**DATA SUPPLIED**

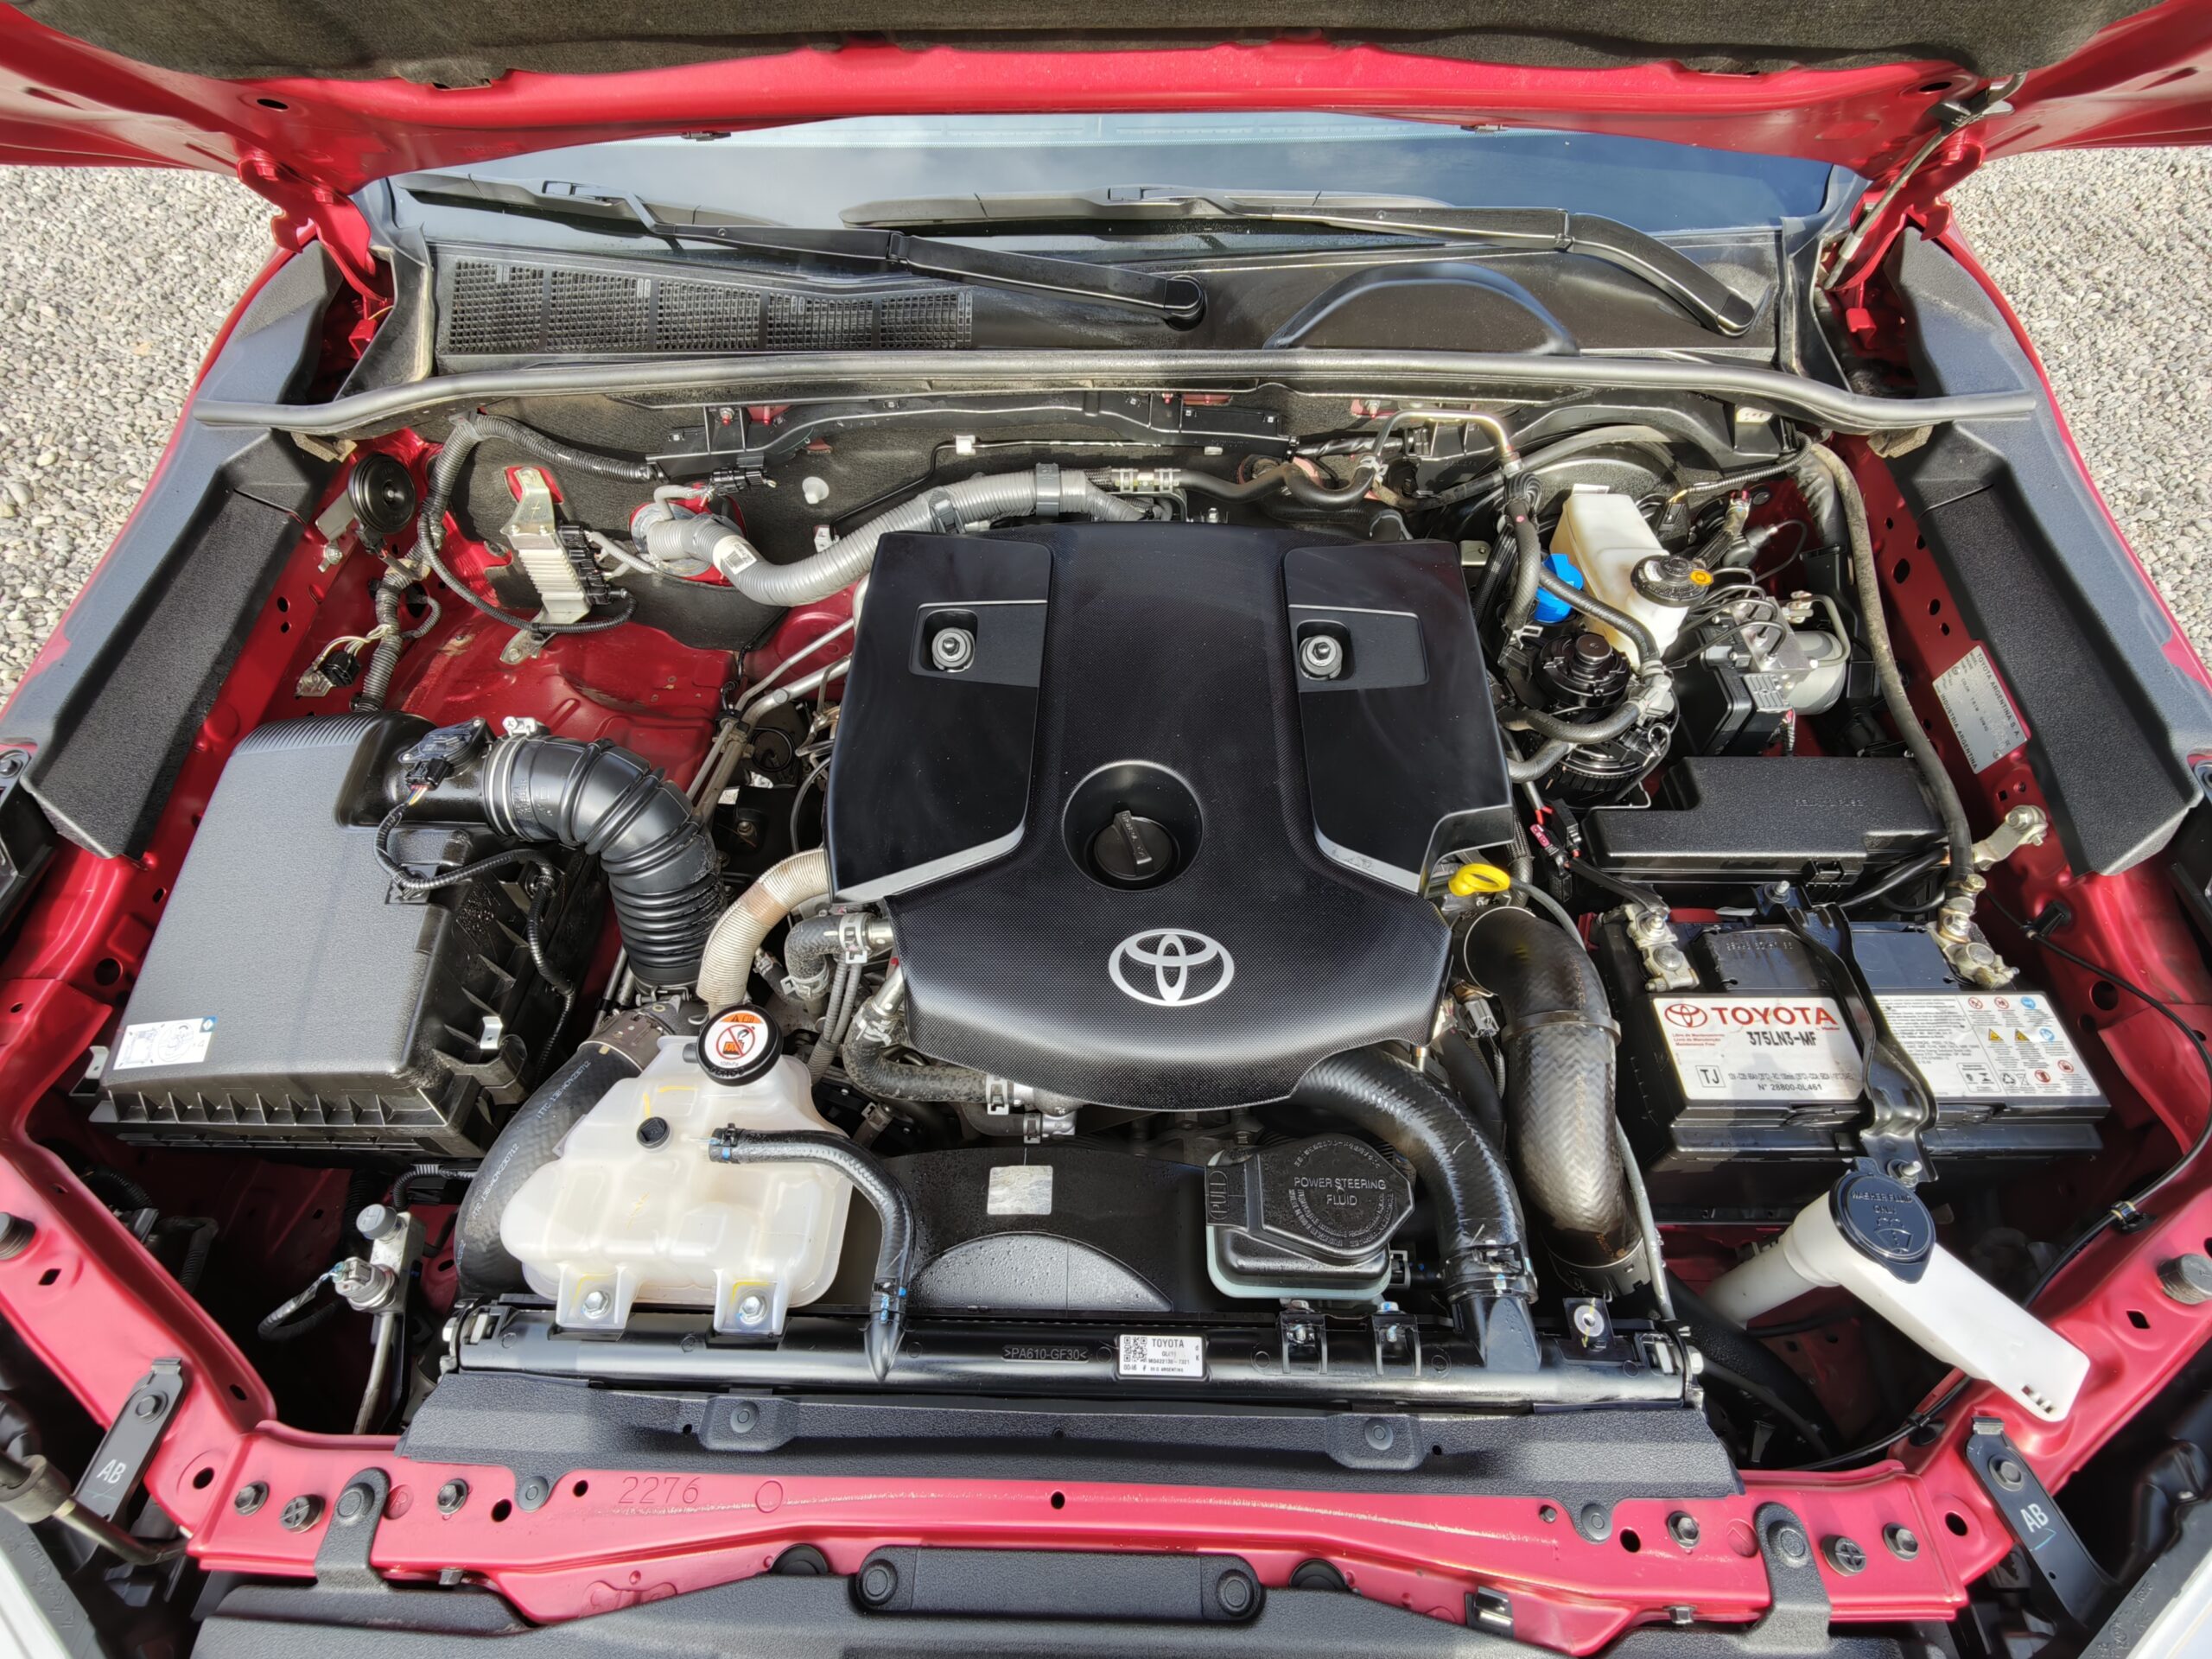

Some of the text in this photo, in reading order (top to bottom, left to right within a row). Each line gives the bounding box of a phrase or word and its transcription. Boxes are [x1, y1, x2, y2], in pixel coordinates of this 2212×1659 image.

[1976, 653, 1992, 680] TOYOTA
[1990, 681, 2012, 721] ARGENTINA
[1941, 693, 1959, 729] INDUSTRIA
[1957, 730, 1979, 769] ARGENTINA
[1711, 1006, 1839, 1026] TOYOTA
[1746, 1031, 1817, 1046] 375LN3-MF
[1700, 1069, 1719, 1084] TJ
[1294, 1177, 1387, 1190] POWER STEERING
[1210, 1182, 1227, 1214] PULL
[1326, 1194, 1357, 1206] FLUID
[1852, 1192, 1913, 1204] WASHER FLUID
[1873, 1205, 1897, 1215] ONLY
[1152, 1338, 1185, 1348] TOYOTA
[1004, 1347, 1088, 1361] >PA610-GF30<
[97, 1459, 127, 1484] AB
[618, 1476, 702, 1504] 2276
[2020, 1503, 2049, 1533] AB

**ASSIGNED TASK**
Where an entry holds a picture, leave the picture out and output the rest exactly.

**ANSWER TO THIS TASK**
Some of the text in this photo, in reading order (top to bottom, left to right within a row). Each line gives the bounding box of a phrase or word and its transcription. Boxes are [x1, y1, x2, y2], in pixel coordinates of this 2212×1659 image.

[1976, 653, 1992, 680] TOYOTA
[1990, 681, 2012, 721] ARGENTINA
[1941, 693, 1959, 729] INDUSTRIA
[1957, 730, 1979, 769] ARGENTINA
[1711, 1006, 1839, 1026] TOYOTA
[1746, 1031, 1817, 1046] 375LN3-MF
[1700, 1069, 1719, 1084] TJ
[1294, 1177, 1387, 1190] POWER STEERING
[1210, 1182, 1227, 1214] PULL
[1326, 1194, 1357, 1206] FLUID
[1852, 1192, 1913, 1204] WASHER FLUID
[1873, 1205, 1897, 1215] ONLY
[1152, 1338, 1185, 1348] TOYOTA
[1004, 1347, 1088, 1361] >PA610-GF30<
[97, 1459, 127, 1484] AB
[618, 1476, 702, 1504] 2276
[2020, 1503, 2049, 1533] AB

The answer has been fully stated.